## RECORDED INFORMATION

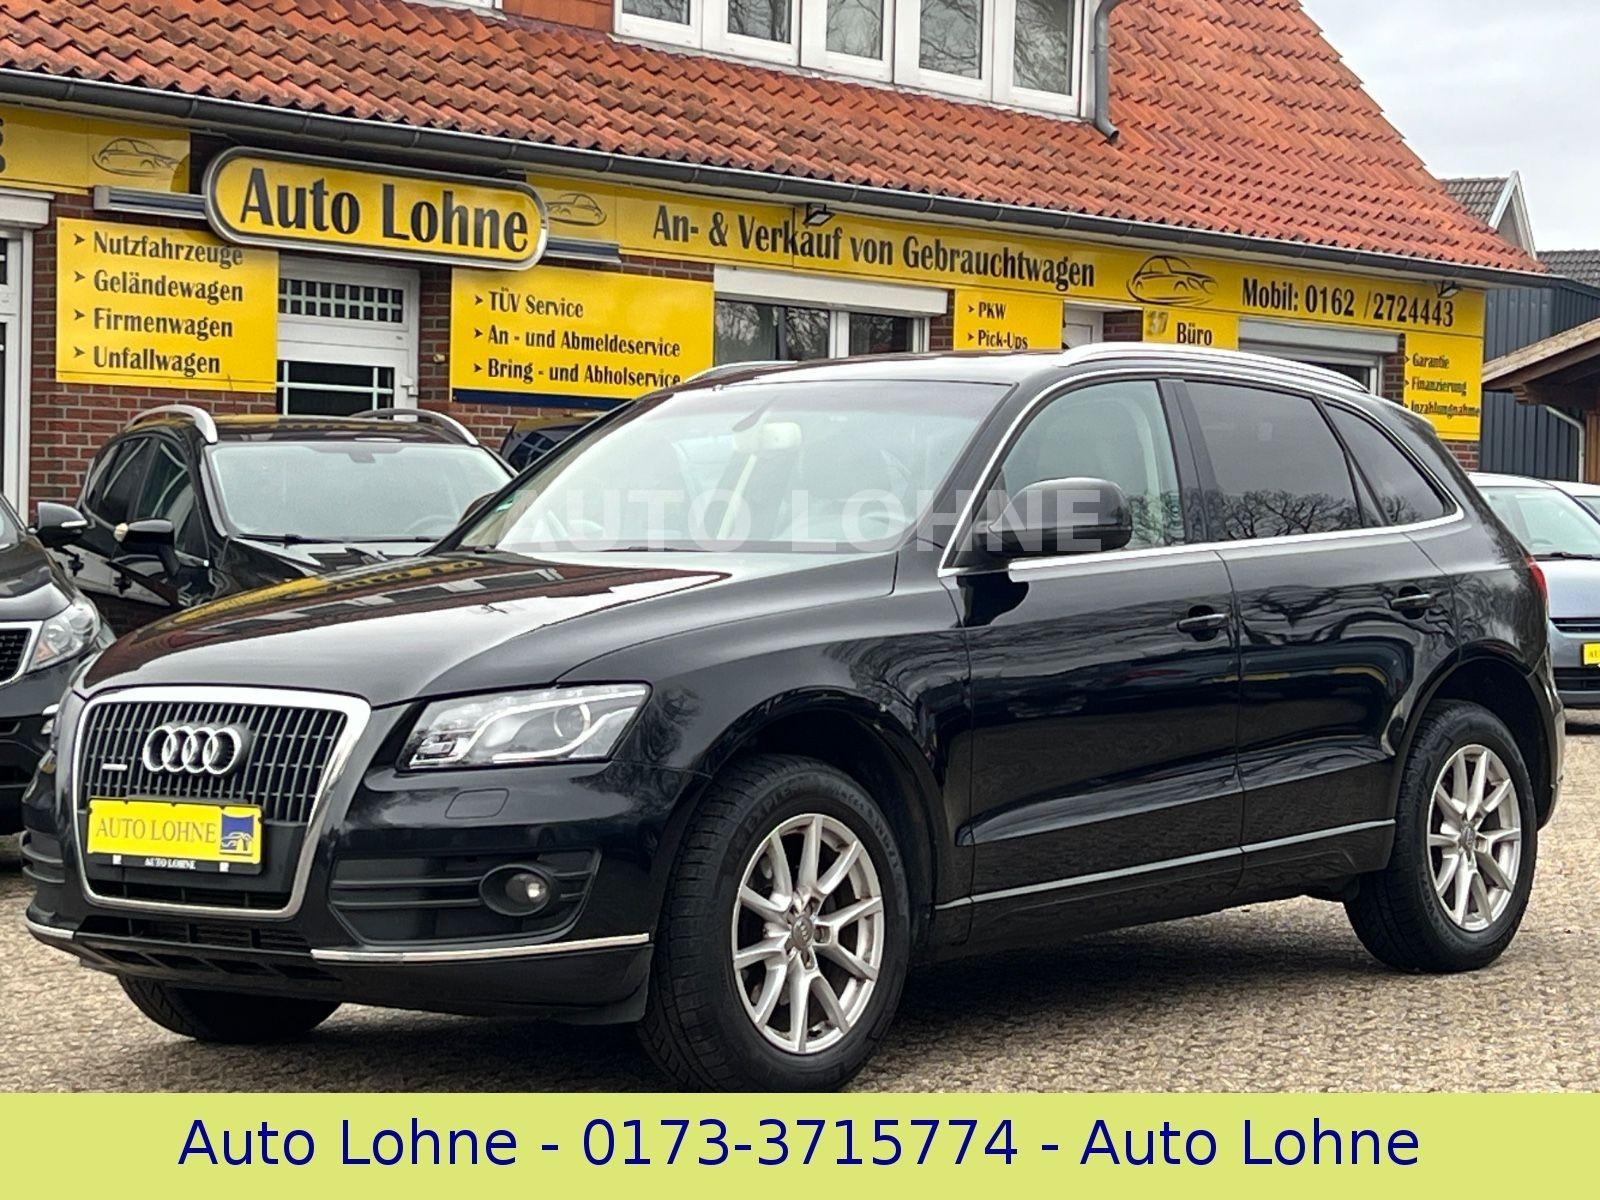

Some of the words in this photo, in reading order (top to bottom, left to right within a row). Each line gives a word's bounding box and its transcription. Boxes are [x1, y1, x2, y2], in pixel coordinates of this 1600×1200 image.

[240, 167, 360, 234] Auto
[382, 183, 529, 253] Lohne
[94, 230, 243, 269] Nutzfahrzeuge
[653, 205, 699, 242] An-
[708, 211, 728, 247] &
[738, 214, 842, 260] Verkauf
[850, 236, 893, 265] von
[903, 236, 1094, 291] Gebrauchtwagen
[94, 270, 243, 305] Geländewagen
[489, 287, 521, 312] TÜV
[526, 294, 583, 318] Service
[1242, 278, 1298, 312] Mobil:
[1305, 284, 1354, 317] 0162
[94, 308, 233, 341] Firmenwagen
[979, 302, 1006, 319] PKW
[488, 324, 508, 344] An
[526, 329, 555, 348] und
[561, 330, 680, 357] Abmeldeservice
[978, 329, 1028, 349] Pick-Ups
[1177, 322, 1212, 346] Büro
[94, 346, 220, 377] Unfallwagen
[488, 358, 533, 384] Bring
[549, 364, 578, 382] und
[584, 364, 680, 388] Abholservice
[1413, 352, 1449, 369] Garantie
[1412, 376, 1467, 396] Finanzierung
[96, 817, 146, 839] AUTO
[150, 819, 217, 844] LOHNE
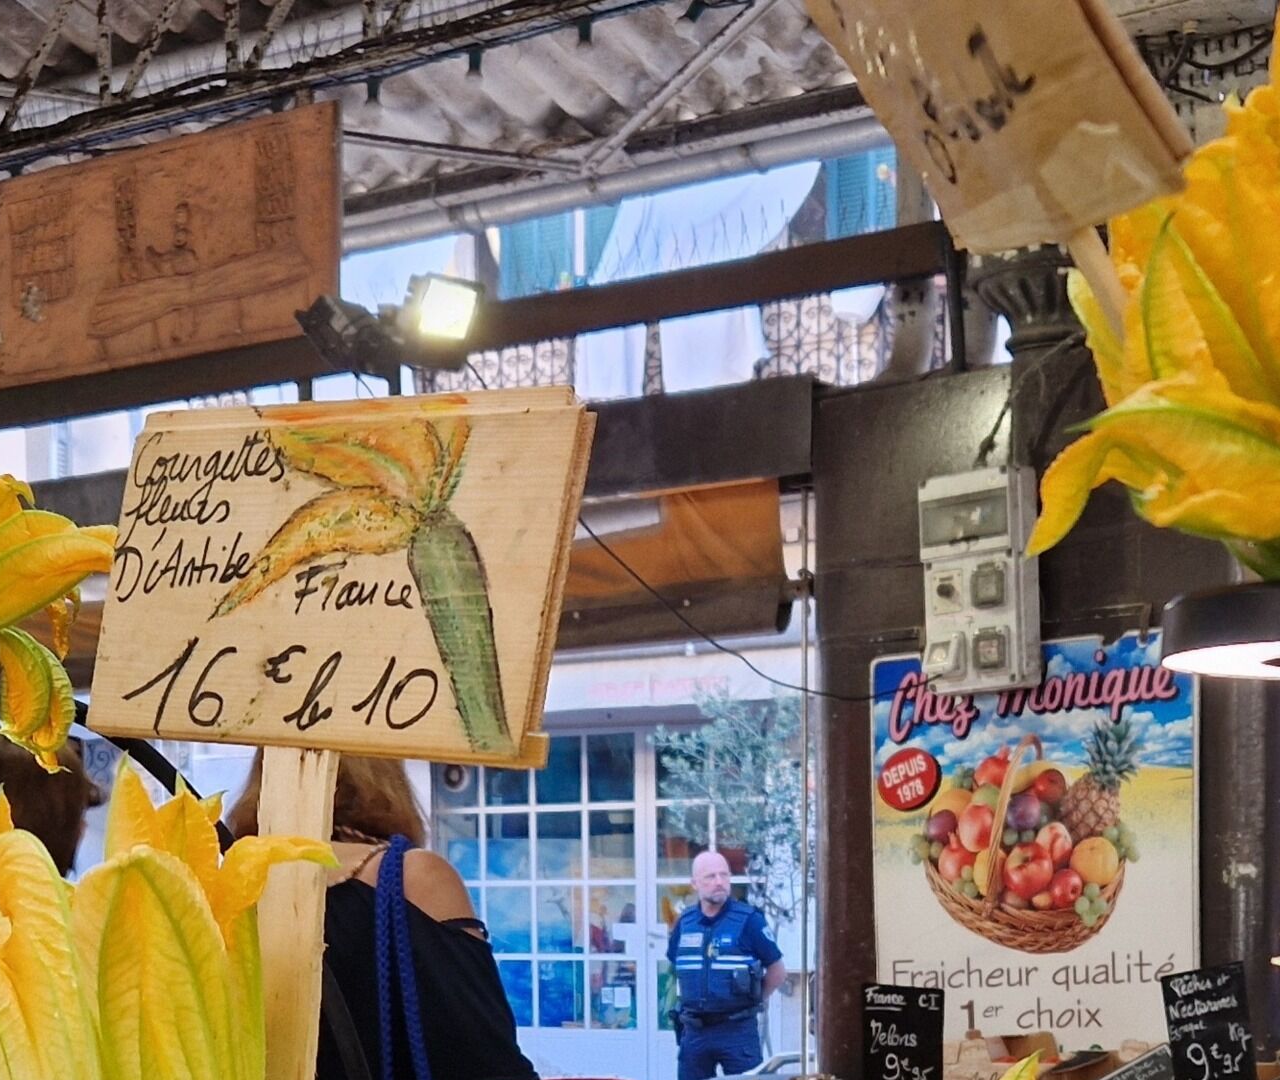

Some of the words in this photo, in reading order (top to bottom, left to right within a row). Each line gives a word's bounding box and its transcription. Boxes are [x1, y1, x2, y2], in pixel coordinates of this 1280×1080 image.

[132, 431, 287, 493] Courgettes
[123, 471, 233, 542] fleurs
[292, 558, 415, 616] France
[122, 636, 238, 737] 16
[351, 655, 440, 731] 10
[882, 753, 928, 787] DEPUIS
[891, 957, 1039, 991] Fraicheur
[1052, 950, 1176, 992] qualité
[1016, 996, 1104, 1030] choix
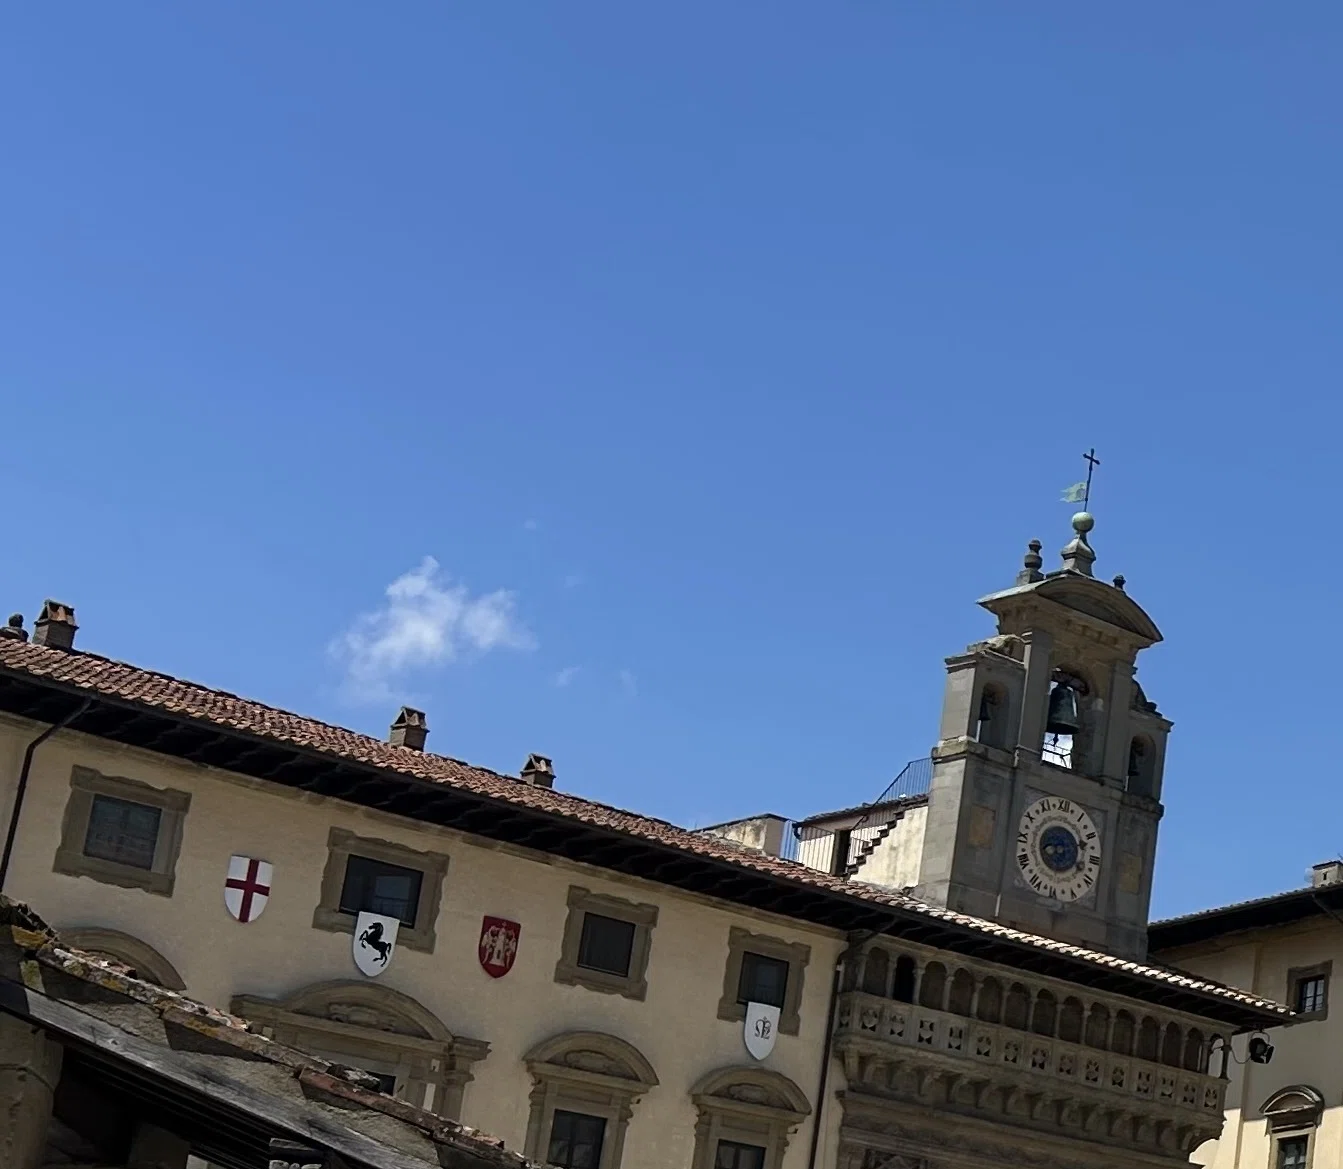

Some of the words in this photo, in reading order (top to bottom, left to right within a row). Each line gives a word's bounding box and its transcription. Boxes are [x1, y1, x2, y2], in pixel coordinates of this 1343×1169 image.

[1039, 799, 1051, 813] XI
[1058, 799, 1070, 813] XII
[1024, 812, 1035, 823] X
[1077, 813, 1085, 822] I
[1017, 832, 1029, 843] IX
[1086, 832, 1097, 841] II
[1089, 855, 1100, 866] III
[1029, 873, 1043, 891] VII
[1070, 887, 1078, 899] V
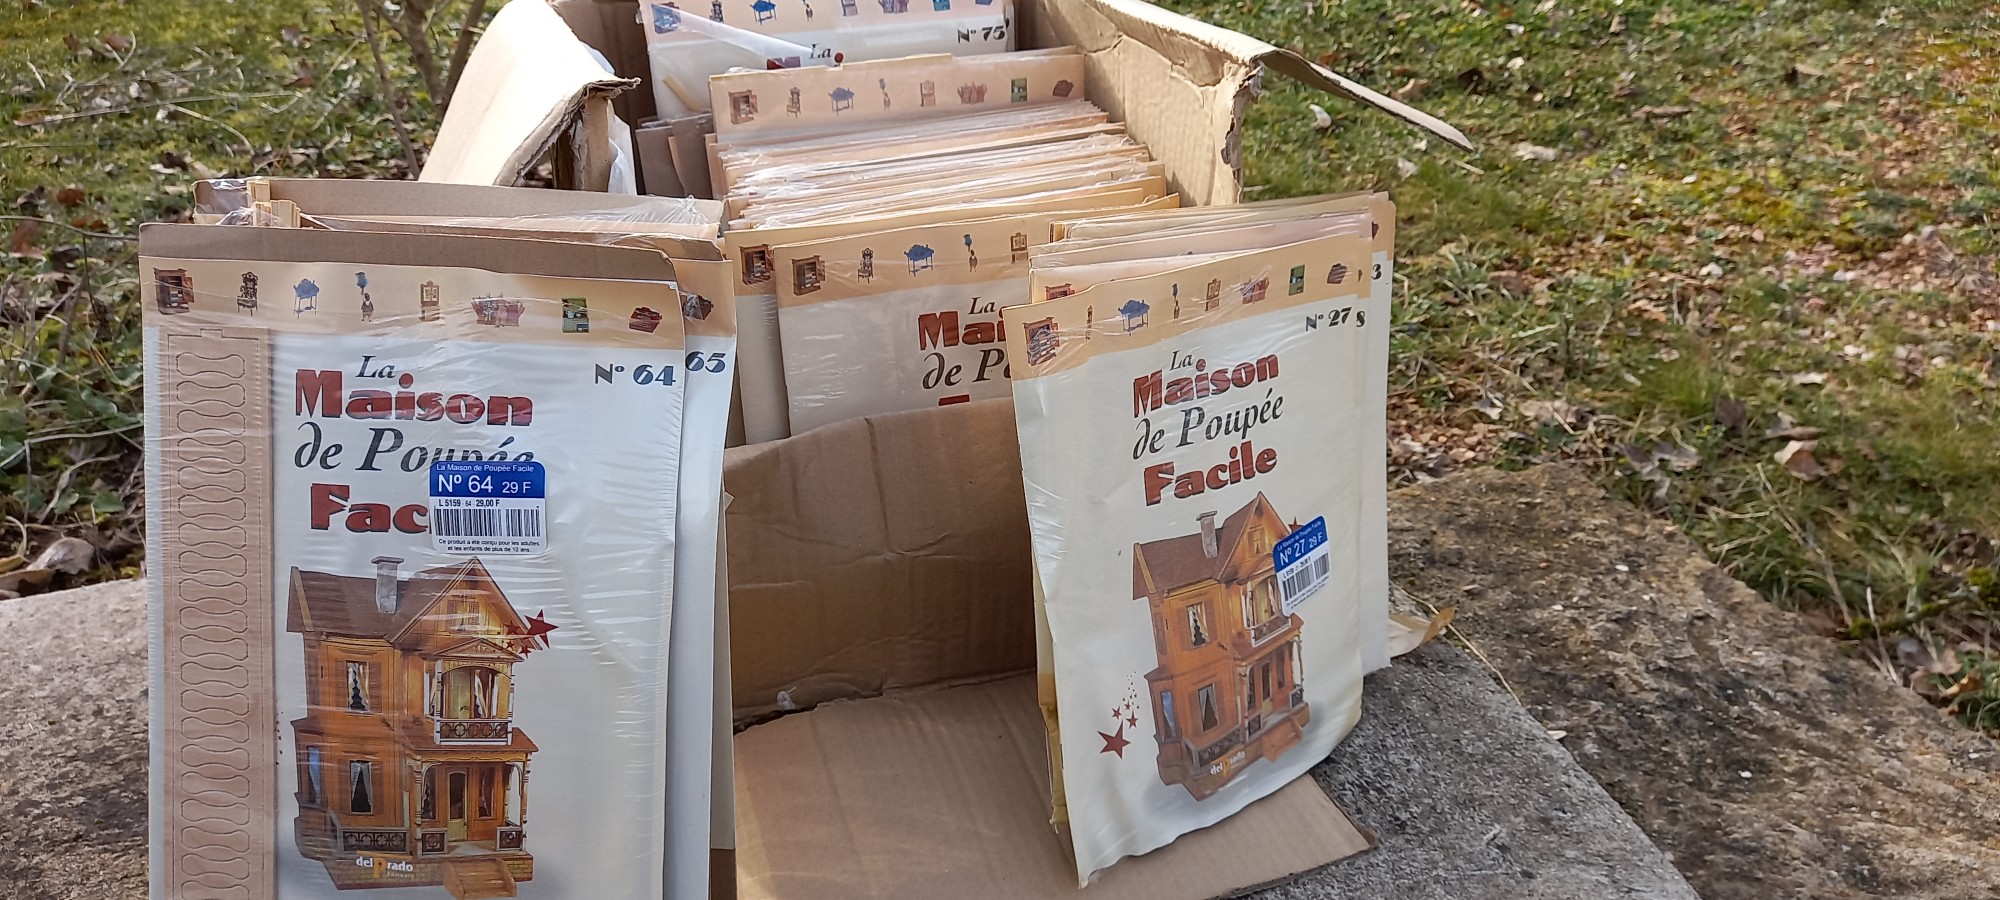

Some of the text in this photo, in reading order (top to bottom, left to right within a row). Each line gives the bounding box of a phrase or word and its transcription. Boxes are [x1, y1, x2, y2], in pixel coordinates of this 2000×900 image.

## DESCRIPTION OF THE TASK
Repeat the data in full and exactly. Omit pictures.

## WRITTEN SOLUTION
Some of the words in this photo, in reading order (top to bottom, left to right within a row). Each line gives a word's bounding box and its transcription. Boxes are [x1, y1, x2, y2], in pixel coordinates of this 1600×1200 image.

[240, 167, 360, 234] Auto
[382, 183, 529, 253] Lohne
[94, 230, 243, 269] Nutzfahrzeuge
[653, 205, 699, 242] An-
[708, 211, 728, 247] &
[738, 214, 842, 260] Verkauf
[850, 236, 893, 265] von
[903, 236, 1094, 291] Gebrauchtwagen
[94, 270, 243, 305] Geländewagen
[489, 287, 521, 312] TÜV
[526, 294, 583, 318] Service
[1242, 278, 1298, 312] Mobil:
[1305, 284, 1354, 317] 0162
[94, 308, 233, 341] Firmenwagen
[979, 302, 1006, 319] PKW
[488, 324, 508, 344] An
[526, 329, 555, 348] und
[561, 330, 680, 357] Abmeldeservice
[978, 329, 1028, 349] Pick-Ups
[1177, 322, 1212, 346] Büro
[94, 346, 220, 377] Unfallwagen
[488, 358, 533, 384] Bring
[549, 364, 578, 382] und
[584, 364, 680, 388] Abholservice
[1413, 352, 1449, 369] Garantie
[1412, 376, 1467, 396] Finanzierung
[96, 817, 146, 839] AUTO
[150, 819, 217, 844] LOHNE

Some of the words in this photo, in reading order (top to bottom, left to right within a row). Each line gives a word's bounding box and its transcription. Boxes are [x1, y1, x2, y2], in pixel coordinates of this 1280×1080 image.

[132, 431, 287, 493] Courgettes
[123, 471, 233, 542] fleurs
[292, 558, 415, 616] France
[122, 636, 238, 737] 16
[351, 655, 440, 731] 10
[882, 753, 928, 787] DEPUIS
[891, 957, 1039, 991] Fraicheur
[1052, 950, 1176, 992] qualité
[1016, 996, 1104, 1030] choix

Some of the words in this photo, in reading order (top to bottom, left to right within a row). Each line gives a word's bounding box and its transcription. Boxes are [x1, y1, x2, y2], in pixel coordinates of this 1343×1169 image.

[1039, 799, 1051, 813] XI
[1058, 799, 1070, 813] XII
[1024, 812, 1035, 823] X
[1077, 813, 1085, 822] I
[1017, 832, 1029, 843] IX
[1086, 832, 1097, 841] II
[1089, 855, 1100, 866] III
[1029, 873, 1043, 891] VII
[1070, 887, 1078, 899] V

Some of the text in this photo, in reading order (top to bottom, left to right within a row). Each line gives the bounding box of a phrase or word and its transcription. Boxes are [x1, y1, x2, y2], in pixel coordinates of this 2000×900 image.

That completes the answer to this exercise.